Economic forecasts and global equity indices provided the direction for currency markets yesterday, as spooked investors came crawling back to the US Dollar in the face of heightened risk aversion. The World Bank revised its growth forecasts for 2009-2010 downwards, predicting a sharper fall this year, and a shallower upturn next year to its previous estimates. The Eurozone is now expected to contract a stark 4.5% (previously -2.7%) this year, whilst the US economy will shrink by 3.0% (2.4% previously). Stock markets slumped on the back of this, with the FTSE closing 2.5% down, the DAX 3% down, and the S&P 500 down 3%. All of this combined to push the Dollar higher as its safe haven attractiveness returned. GBP/USD fell from a peak of 1.65 yesterday morning and is currently trading around the 1.6250 area. Early on, GBP/EUR briefly touched 1.19 before the drop in UK sentiment pushed it back down to just under 1.18, the drop continuing this morning to under 1.17. This still leaves the Euro on track for a fall of 8% against the Pound for the quarter, its biggest since the single currency was introduced.

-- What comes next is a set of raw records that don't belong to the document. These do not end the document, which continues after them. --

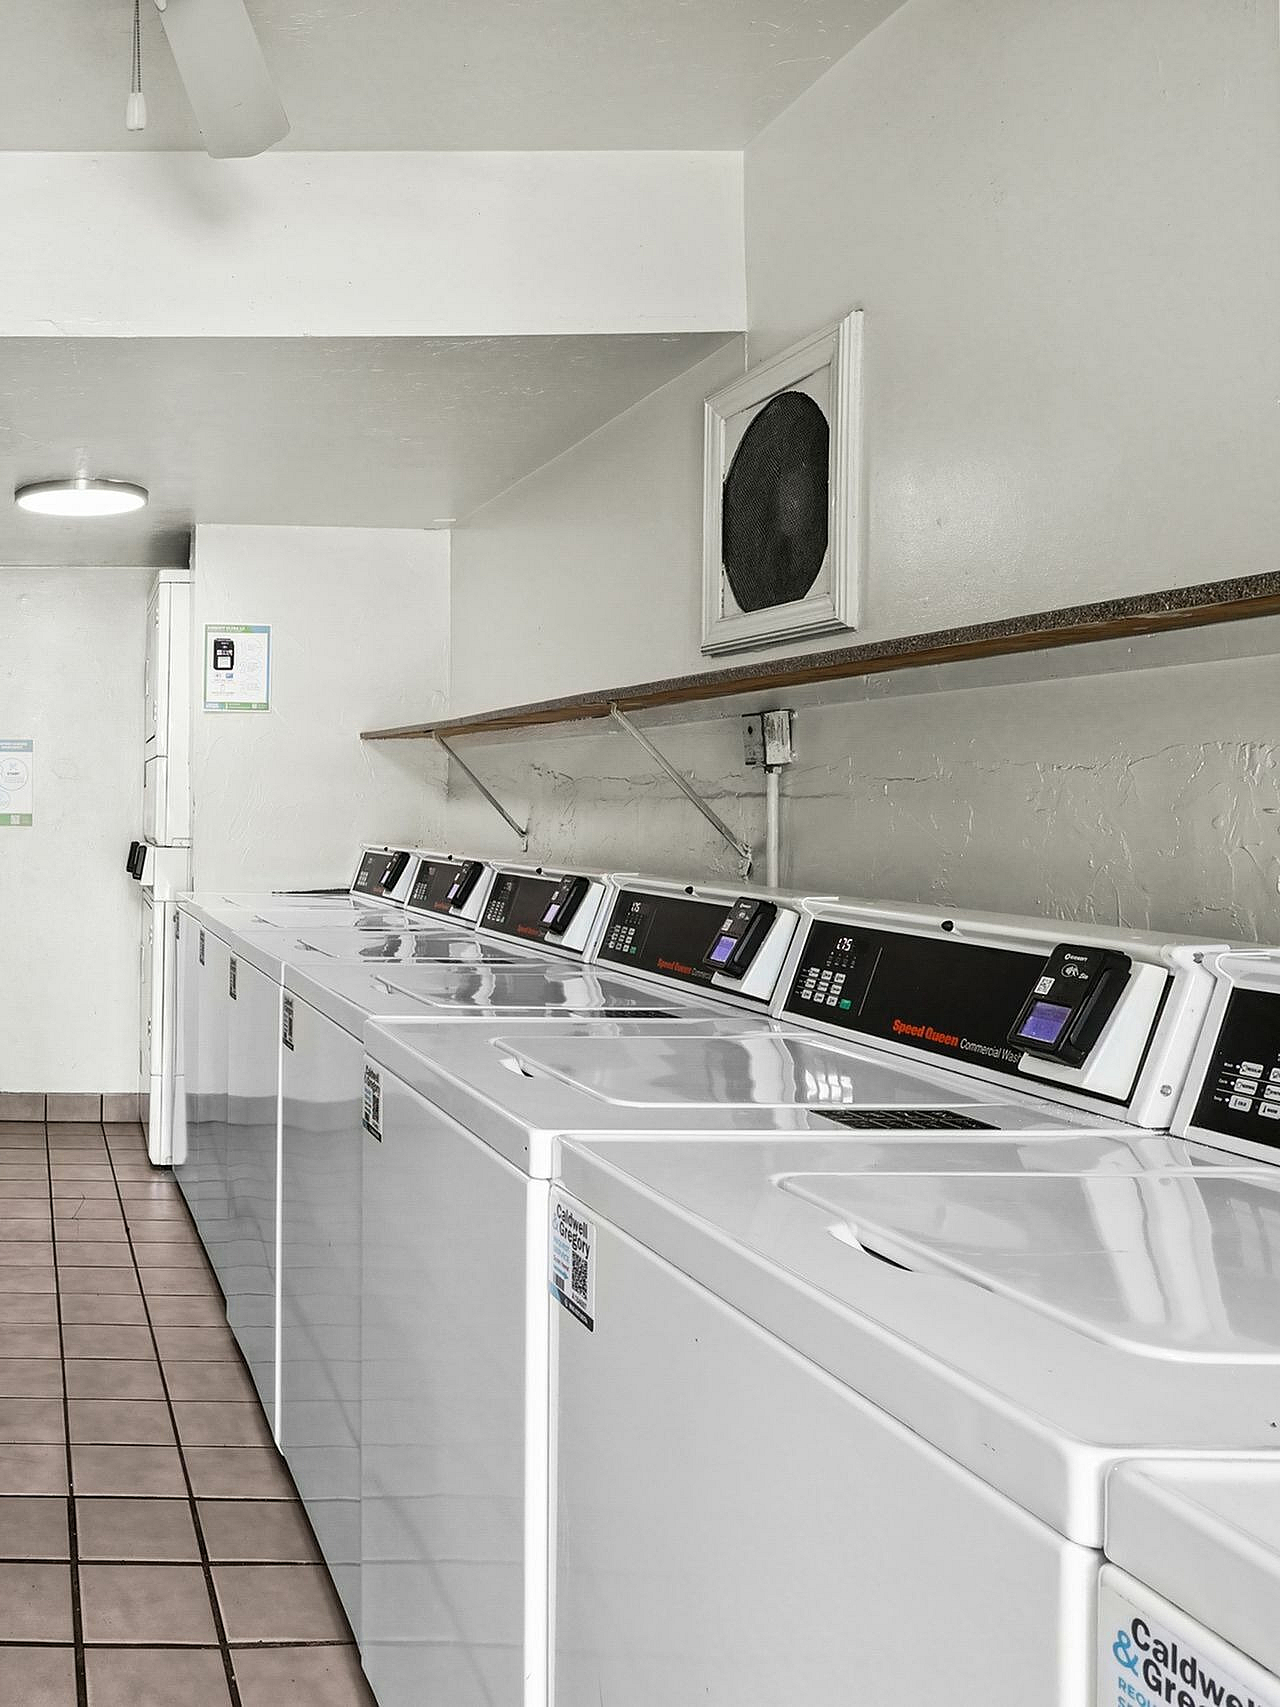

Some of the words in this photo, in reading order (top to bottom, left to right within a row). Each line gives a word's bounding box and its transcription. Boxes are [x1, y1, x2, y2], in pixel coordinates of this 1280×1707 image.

[892, 1020, 925, 1038] Speed
[925, 1026, 959, 1046] Queen
[960, 1038, 1002, 1059] Commercial
[557, 1204, 588, 1239] Caldwell
[560, 1221, 590, 1259] Gregory
[1112, 1630, 1138, 1678] &

The recent revision to the optimistic tones of the last few weeks has also hurt other markets too, with commodities as well as equities taking the hit as investors move to more stable assets -  given, however, that the rally in commodity prices had clearly preceeded global growth, profit-taking here is not surprising. There is also rising expectation that  the major governments may wait longer before begining to reverse some of the monetary policy measures introduced to combat the recession. For instance, amongst the worst-performing currencies yesterday was the Aussie Dollar, which lost ground after an opinion piece argued that the next move in interest rates would be down. Across other major economies, where previously markets were pricing in at least the start of the rate-rising process by the end of the year, this is now less certain.

There are no major data releases for the UK today, and the focus will be on international releases and risk appetite. This morning we have had PMI data (services & manufacturing) for the Eurozone and Germany which have come in marginally lower than expected, and a raft of housing data for the US is due later on.